» **Work request**: For every line in the material, produce an exact copy.

» **Data records**:
=-=-=-=-=

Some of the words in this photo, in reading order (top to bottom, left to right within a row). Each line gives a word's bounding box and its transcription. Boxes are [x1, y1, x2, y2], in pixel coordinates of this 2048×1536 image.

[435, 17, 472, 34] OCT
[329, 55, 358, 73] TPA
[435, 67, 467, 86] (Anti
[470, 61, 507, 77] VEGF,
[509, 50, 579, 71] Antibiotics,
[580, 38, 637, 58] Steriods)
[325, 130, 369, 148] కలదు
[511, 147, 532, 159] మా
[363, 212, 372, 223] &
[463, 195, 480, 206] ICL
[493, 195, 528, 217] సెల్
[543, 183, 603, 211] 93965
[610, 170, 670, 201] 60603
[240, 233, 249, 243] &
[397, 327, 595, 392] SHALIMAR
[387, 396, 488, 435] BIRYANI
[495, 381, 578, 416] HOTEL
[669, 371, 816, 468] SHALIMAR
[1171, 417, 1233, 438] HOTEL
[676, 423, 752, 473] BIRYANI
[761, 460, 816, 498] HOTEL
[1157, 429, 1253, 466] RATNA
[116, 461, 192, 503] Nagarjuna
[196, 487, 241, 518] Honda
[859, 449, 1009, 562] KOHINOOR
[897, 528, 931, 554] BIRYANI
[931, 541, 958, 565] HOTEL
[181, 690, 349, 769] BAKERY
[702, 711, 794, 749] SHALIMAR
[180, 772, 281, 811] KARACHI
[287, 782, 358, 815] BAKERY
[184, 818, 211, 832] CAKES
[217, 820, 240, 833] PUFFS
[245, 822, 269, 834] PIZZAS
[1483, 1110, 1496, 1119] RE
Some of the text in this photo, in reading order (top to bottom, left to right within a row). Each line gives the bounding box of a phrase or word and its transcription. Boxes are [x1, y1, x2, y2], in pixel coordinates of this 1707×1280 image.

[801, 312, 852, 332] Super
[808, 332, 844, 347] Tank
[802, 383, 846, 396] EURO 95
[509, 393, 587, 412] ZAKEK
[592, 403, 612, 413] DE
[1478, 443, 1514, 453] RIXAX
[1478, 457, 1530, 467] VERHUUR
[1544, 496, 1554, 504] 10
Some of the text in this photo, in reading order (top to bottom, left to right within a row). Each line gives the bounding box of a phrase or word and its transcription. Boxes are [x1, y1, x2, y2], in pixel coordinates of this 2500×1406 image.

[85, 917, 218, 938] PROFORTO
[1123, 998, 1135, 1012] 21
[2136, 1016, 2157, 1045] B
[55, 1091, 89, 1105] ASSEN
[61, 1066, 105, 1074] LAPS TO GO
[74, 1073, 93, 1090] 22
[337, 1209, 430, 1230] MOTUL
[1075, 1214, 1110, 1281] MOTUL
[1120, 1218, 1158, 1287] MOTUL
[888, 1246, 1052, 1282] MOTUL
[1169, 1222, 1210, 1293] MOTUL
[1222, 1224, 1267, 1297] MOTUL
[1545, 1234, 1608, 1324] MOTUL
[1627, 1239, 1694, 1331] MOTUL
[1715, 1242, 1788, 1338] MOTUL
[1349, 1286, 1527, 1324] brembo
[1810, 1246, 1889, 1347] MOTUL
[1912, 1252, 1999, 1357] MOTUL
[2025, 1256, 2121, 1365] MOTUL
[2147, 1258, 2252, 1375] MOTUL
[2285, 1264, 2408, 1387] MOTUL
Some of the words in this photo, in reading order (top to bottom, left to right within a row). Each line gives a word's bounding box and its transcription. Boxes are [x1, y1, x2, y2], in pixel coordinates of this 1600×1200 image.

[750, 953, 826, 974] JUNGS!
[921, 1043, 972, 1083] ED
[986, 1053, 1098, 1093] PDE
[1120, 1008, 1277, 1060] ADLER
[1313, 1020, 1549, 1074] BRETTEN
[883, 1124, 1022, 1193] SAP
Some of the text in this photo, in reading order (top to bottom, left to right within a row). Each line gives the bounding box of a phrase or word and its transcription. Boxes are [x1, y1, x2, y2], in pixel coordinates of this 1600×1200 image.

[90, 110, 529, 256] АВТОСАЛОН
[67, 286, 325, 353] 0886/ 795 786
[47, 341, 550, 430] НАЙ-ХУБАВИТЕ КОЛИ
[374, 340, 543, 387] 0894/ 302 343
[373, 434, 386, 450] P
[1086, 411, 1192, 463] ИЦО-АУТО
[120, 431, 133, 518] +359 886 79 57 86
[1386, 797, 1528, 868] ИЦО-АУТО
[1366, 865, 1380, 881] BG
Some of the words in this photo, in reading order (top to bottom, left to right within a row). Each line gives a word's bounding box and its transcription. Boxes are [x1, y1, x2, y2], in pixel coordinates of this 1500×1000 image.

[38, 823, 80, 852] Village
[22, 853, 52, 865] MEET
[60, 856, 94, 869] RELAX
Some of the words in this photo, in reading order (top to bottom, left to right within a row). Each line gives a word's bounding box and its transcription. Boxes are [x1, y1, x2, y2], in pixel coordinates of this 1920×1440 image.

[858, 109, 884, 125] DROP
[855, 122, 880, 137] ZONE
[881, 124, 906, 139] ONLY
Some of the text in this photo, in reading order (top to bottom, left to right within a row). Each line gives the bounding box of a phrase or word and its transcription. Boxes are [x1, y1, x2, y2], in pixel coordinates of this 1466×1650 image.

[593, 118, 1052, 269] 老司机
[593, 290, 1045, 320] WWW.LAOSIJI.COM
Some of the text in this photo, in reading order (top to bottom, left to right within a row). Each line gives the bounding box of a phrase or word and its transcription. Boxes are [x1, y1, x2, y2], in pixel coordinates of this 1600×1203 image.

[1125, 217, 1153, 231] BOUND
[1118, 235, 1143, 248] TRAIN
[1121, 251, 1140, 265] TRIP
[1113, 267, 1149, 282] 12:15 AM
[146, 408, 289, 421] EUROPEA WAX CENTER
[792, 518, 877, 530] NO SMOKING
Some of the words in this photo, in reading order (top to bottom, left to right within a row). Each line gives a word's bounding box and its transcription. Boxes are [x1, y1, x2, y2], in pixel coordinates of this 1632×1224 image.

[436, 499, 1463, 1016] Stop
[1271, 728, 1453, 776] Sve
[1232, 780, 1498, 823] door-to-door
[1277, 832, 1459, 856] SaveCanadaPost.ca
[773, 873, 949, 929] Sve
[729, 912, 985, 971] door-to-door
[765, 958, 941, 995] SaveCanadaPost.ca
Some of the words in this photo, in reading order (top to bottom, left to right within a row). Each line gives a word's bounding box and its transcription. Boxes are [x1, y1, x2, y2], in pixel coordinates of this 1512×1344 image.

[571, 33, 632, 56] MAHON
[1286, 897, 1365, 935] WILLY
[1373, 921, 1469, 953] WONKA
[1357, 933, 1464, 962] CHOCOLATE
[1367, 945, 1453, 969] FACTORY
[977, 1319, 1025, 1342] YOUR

=-=-=-=-=

» **Reply**:
Some of the words in this photo, in reading order (top to bottom, left to right within a row). Each line gives a word's bounding box and its transcription. Boxes are [x1, y1, x2, y2], in pixel coordinates of this 2048×1536 image.

[435, 17, 472, 34] OCT
[329, 55, 358, 73] TPA
[435, 67, 467, 86] (Anti
[470, 61, 507, 77] VEGF,
[509, 50, 579, 71] Antibiotics,
[580, 38, 637, 58] Steriods)
[325, 130, 369, 148] కలదు
[511, 147, 532, 159] మా
[363, 212, 372, 223] &
[463, 195, 480, 206] ICL
[493, 195, 528, 217] సెల్
[543, 183, 603, 211] 93965
[610, 170, 670, 201] 60603
[240, 233, 249, 243] &
[397, 327, 595, 392] SHALIMAR
[387, 396, 488, 435] BIRYANI
[495, 381, 578, 416] HOTEL
[669, 371, 816, 468] SHALIMAR
[1171, 417, 1233, 438] HOTEL
[676, 423, 752, 473] BIRYANI
[761, 460, 816, 498] HOTEL
[1157, 429, 1253, 466] RATNA
[116, 461, 192, 503] Nagarjuna
[196, 487, 241, 518] Honda
[859, 449, 1009, 562] KOHINOOR
[897, 528, 931, 554] BIRYANI
[931, 541, 958, 565] HOTEL
[181, 690, 349, 769] BAKERY
[702, 711, 794, 749] SHALIMAR
[180, 772, 281, 811] KARACHI
[287, 782, 358, 815] BAKERY
[184, 818, 211, 832] CAKES
[217, 820, 240, 833] PUFFS
[245, 822, 269, 834] PIZZAS
[1483, 1110, 1496, 1119] RE
Some of the text in this photo, in reading order (top to bottom, left to right within a row). Each line gives the bounding box of a phrase or word and its transcription. Boxes are [x1, y1, x2, y2], in pixel coordinates of this 1707×1280 image.

[801, 312, 852, 332] Super
[808, 332, 844, 347] Tank
[802, 383, 846, 396] EURO 95
[509, 393, 587, 412] ZAKEK
[592, 403, 612, 413] DE
[1478, 443, 1514, 453] RIXAX
[1478, 457, 1530, 467] VERHUUR
[1544, 496, 1554, 504] 10
Some of the text in this photo, in reading order (top to bottom, left to right within a row). Each line gives the bounding box of a phrase or word and its transcription. Boxes are [x1, y1, x2, y2], in pixel coordinates of this 2500×1406 image.

[85, 917, 218, 938] PROFORTO
[1123, 998, 1135, 1012] 21
[2136, 1016, 2157, 1045] B
[55, 1091, 89, 1105] ASSEN
[61, 1066, 105, 1074] LAPS TO GO
[74, 1073, 93, 1090] 22
[337, 1209, 430, 1230] MOTUL
[1075, 1214, 1110, 1281] MOTUL
[1120, 1218, 1158, 1287] MOTUL
[888, 1246, 1052, 1282] MOTUL
[1169, 1222, 1210, 1293] MOTUL
[1222, 1224, 1267, 1297] MOTUL
[1545, 1234, 1608, 1324] MOTUL
[1627, 1239, 1694, 1331] MOTUL
[1715, 1242, 1788, 1338] MOTUL
[1349, 1286, 1527, 1324] brembo
[1810, 1246, 1889, 1347] MOTUL
[1912, 1252, 1999, 1357] MOTUL
[2025, 1256, 2121, 1365] MOTUL
[2147, 1258, 2252, 1375] MOTUL
[2285, 1264, 2408, 1387] MOTUL
Some of the words in this photo, in reading order (top to bottom, left to right within a row). Each line gives a word's bounding box and its transcription. Boxes are [x1, y1, x2, y2], in pixel coordinates of this 1600×1200 image.

[750, 953, 826, 974] JUNGS!
[921, 1043, 972, 1083] ED
[986, 1053, 1098, 1093] PDE
[1120, 1008, 1277, 1060] ADLER
[1313, 1020, 1549, 1074] BRETTEN
[883, 1124, 1022, 1193] SAP
Some of the text in this photo, in reading order (top to bottom, left to right within a row). Each line gives the bounding box of a phrase or word and its transcription. Boxes are [x1, y1, x2, y2], in pixel coordinates of this 1600×1200 image.

[90, 110, 529, 256] АВТОСАЛОН
[67, 286, 325, 353] 0886/ 795 786
[47, 341, 550, 430] НАЙ-ХУБАВИТЕ КОЛИ
[374, 340, 543, 387] 0894/ 302 343
[373, 434, 386, 450] P
[1086, 411, 1192, 463] ИЦО-АУТО
[120, 431, 133, 518] +359 886 79 57 86
[1386, 797, 1528, 868] ИЦО-АУТО
[1366, 865, 1380, 881] BG
Some of the words in this photo, in reading order (top to bottom, left to right within a row). Each line gives a word's bounding box and its transcription. Boxes are [x1, y1, x2, y2], in pixel coordinates of this 1500×1000 image.

[38, 823, 80, 852] Village
[22, 853, 52, 865] MEET
[60, 856, 94, 869] RELAX
Some of the words in this photo, in reading order (top to bottom, left to right within a row). Each line gives a word's bounding box and its transcription. Boxes are [x1, y1, x2, y2], in pixel coordinates of this 1920×1440 image.

[858, 109, 884, 125] DROP
[855, 122, 880, 137] ZONE
[881, 124, 906, 139] ONLY
Some of the text in this photo, in reading order (top to bottom, left to right within a row). Each line gives the bounding box of a phrase or word and its transcription. Boxes are [x1, y1, x2, y2], in pixel coordinates of this 1466×1650 image.

[593, 118, 1052, 269] 老司机
[593, 290, 1045, 320] WWW.LAOSIJI.COM
Some of the text in this photo, in reading order (top to bottom, left to right within a row). Each line gives the bounding box of a phrase or word and its transcription. Boxes are [x1, y1, x2, y2], in pixel coordinates of this 1600×1203 image.

[1125, 217, 1153, 231] BOUND
[1118, 235, 1143, 248] TRAIN
[1121, 251, 1140, 265] TRIP
[1113, 267, 1149, 282] 12:15 AM
[146, 408, 289, 421] EUROPEA WAX CENTER
[792, 518, 877, 530] NO SMOKING
Some of the words in this photo, in reading order (top to bottom, left to right within a row). Each line gives a word's bounding box and its transcription. Boxes are [x1, y1, x2, y2], in pixel coordinates of this 1632×1224 image.

[436, 499, 1463, 1016] Stop
[1271, 728, 1453, 776] Sve
[1232, 780, 1498, 823] door-to-door
[1277, 832, 1459, 856] SaveCanadaPost.ca
[773, 873, 949, 929] Sve
[729, 912, 985, 971] door-to-door
[765, 958, 941, 995] SaveCanadaPost.ca
Some of the words in this photo, in reading order (top to bottom, left to right within a row). Each line gives a word's bounding box and its transcription. Boxes are [x1, y1, x2, y2], in pixel coordinates of this 1512×1344 image.

[571, 33, 632, 56] MAHON
[1286, 897, 1365, 935] WILLY
[1373, 921, 1469, 953] WONKA
[1357, 933, 1464, 962] CHOCOLATE
[1367, 945, 1453, 969] FACTORY
[977, 1319, 1025, 1342] YOUR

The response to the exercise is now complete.